# [Instructions for the task]
Exactly reproduce the lines from the line containing "Some of the words" to the end of the data below, inclusive, and nothing else.

[[ Working data open ]]

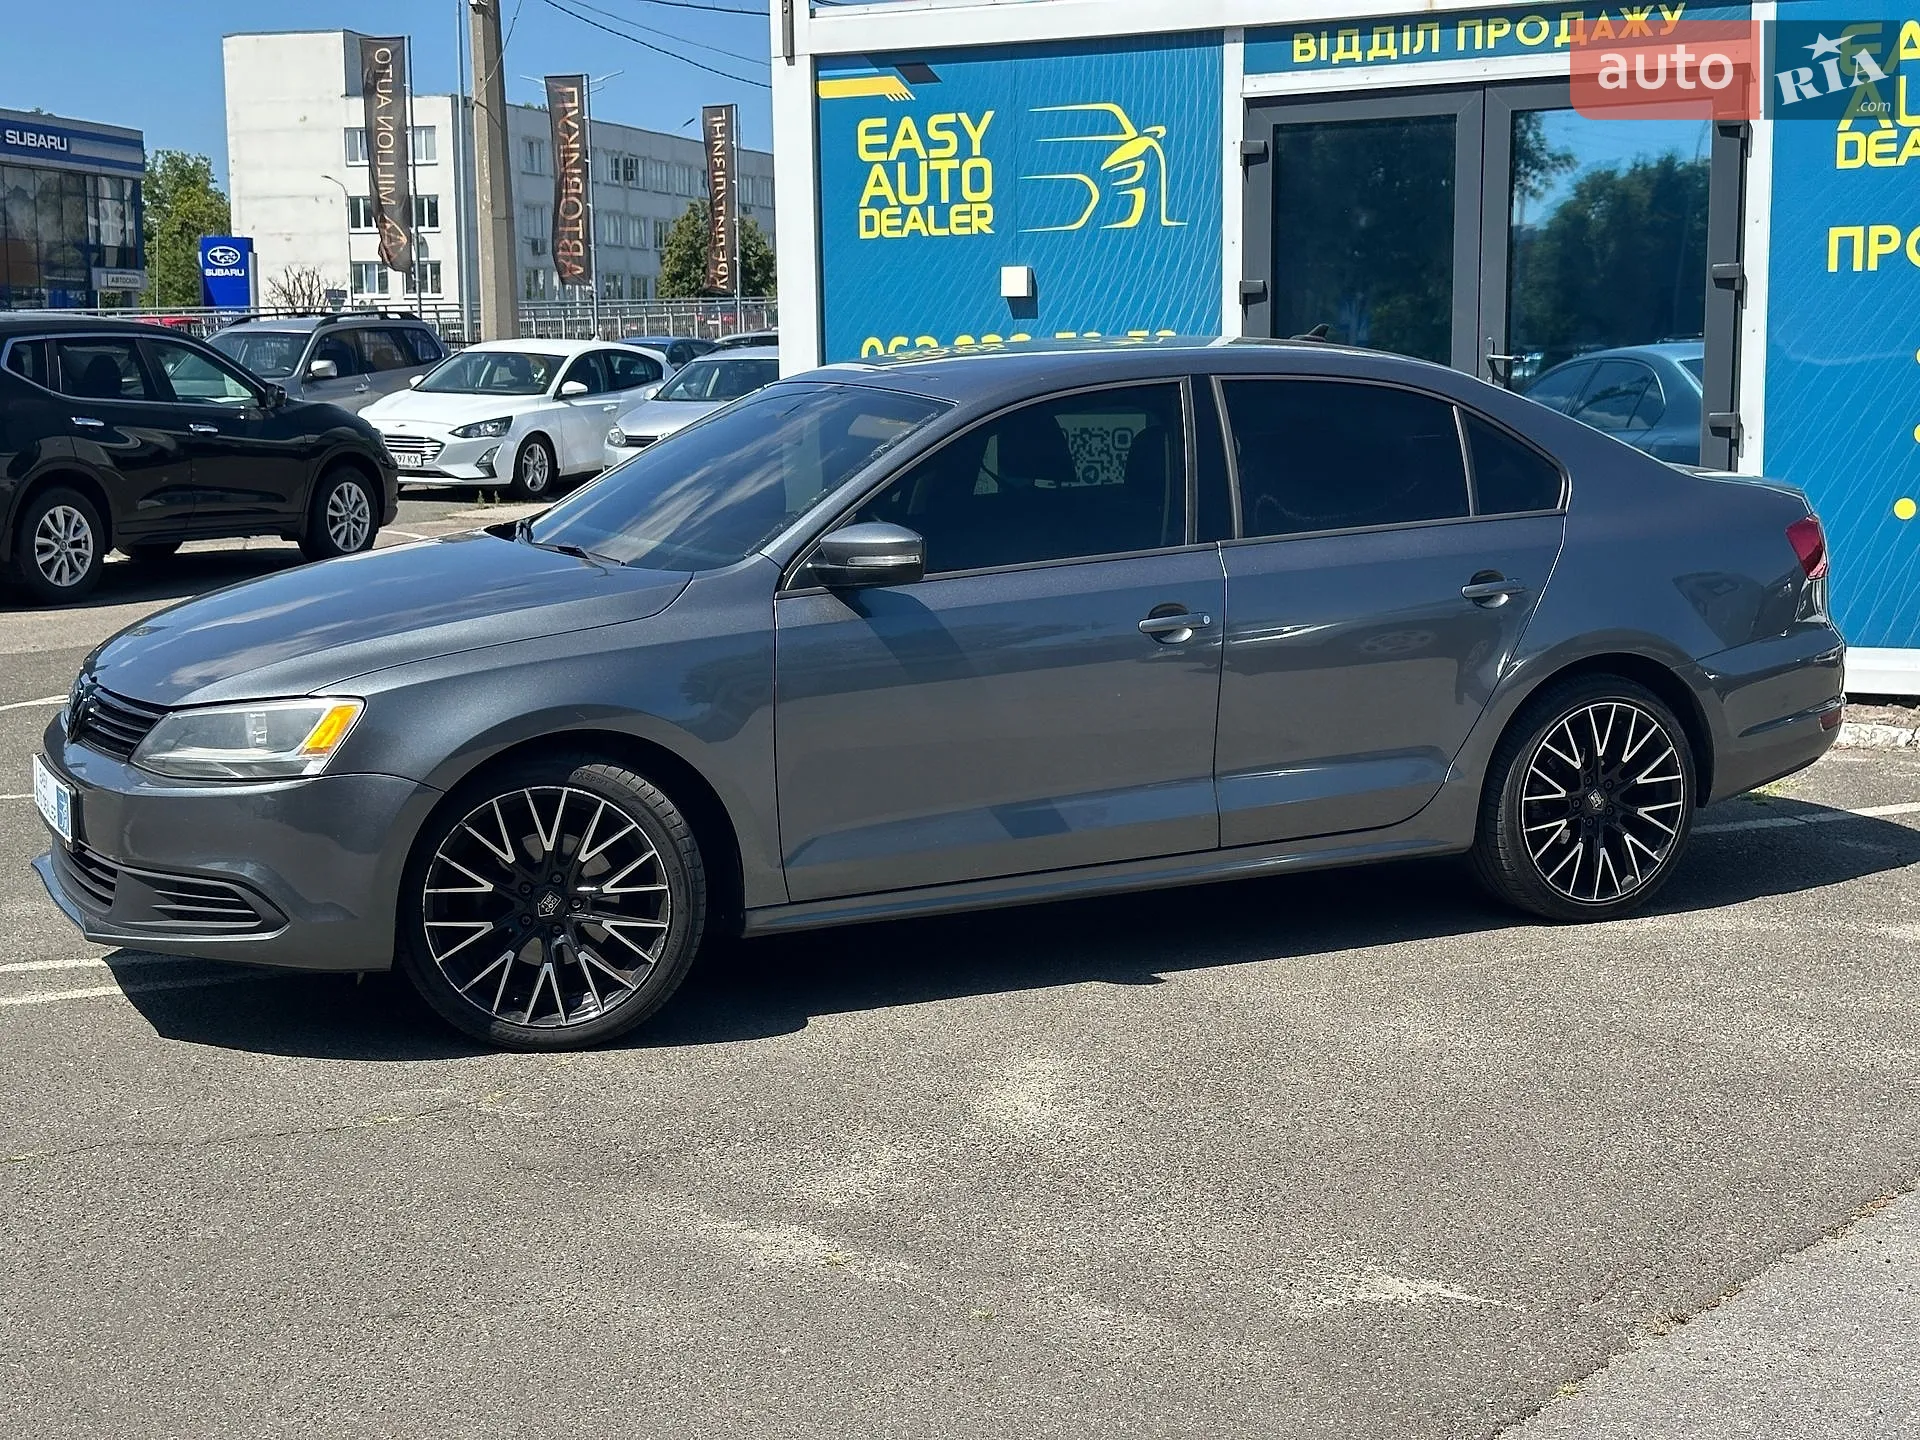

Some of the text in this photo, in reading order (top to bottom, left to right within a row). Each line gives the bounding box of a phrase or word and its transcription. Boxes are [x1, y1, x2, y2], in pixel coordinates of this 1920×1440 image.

[1292, 2, 1687, 64] ВІДДІЛ ПРОДАЖУ
[5, 129, 68, 152] SUBARU
[857, 110, 996, 162] EASY
[858, 157, 994, 208] AUTO
[858, 202, 996, 240] DEALER
[204, 268, 245, 277] SUBARU
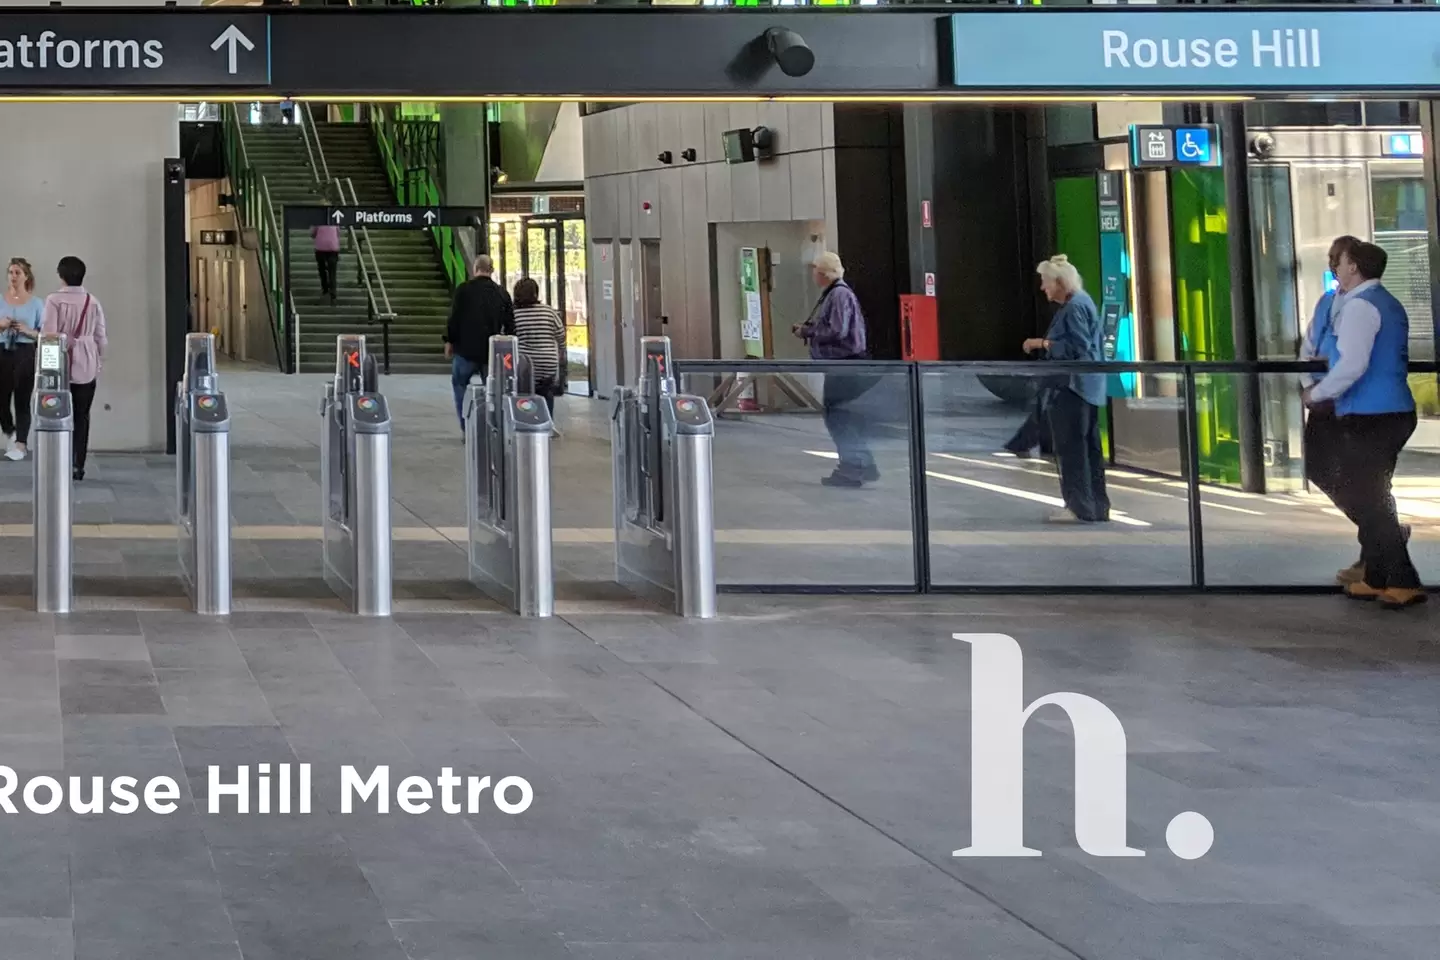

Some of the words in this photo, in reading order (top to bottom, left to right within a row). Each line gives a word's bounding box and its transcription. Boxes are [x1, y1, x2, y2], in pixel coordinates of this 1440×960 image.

[1103, 30, 1238, 68] Rouse
[1252, 28, 1321, 67] Hill
[355, 211, 413, 223] Platforms

[[ Working data closed ]]

# [Written response]
Some of the words in this photo, in reading order (top to bottom, left to right within a row). Each line gives a word's bounding box and its transcription. Boxes are [x1, y1, x2, y2], in pixel coordinates of this 1440×960 image.

[1103, 30, 1238, 68] Rouse
[1252, 28, 1321, 67] Hill
[355, 211, 413, 223] Platforms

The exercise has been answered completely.